▶ **WHAT THIS TASK INVOLVES**:
Would you restate each entry word for word, omitting the pictures?
***** DATA TO PROCESS
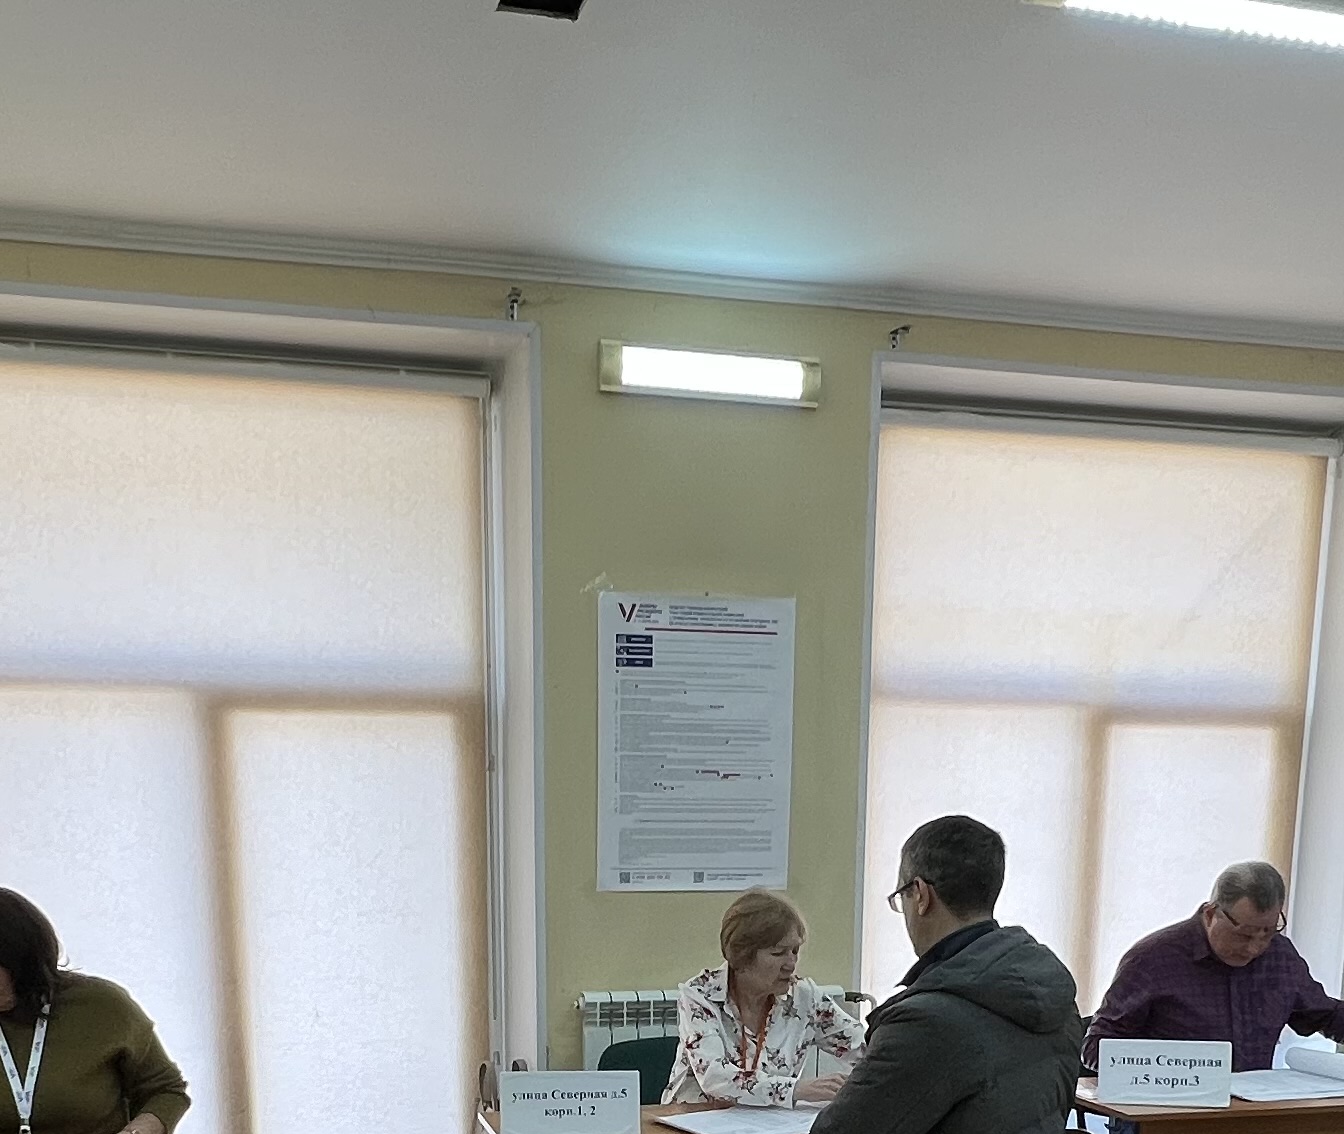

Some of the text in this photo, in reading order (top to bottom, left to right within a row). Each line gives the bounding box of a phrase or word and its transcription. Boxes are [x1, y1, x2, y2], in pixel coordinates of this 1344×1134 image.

[1109, 1054, 1222, 1070] улица Северная
[1154, 1074, 1200, 1089] корп.3
[512, 1088, 628, 1104] улица Северная д.5
[589, 1105, 596, 1116] 2
**********
▶ **OUTPUT FOR THIS TASK**:
Some of the text in this photo, in reading order (top to bottom, left to right within a row). Each line gives the bounding box of a phrase or word and its transcription. Boxes are [x1, y1, x2, y2], in pixel coordinates of this 1344×1134 image.

[1109, 1054, 1222, 1070] улица Северная
[1154, 1074, 1200, 1089] корп.3
[512, 1088, 628, 1104] улица Северная д.5
[589, 1105, 596, 1116] 2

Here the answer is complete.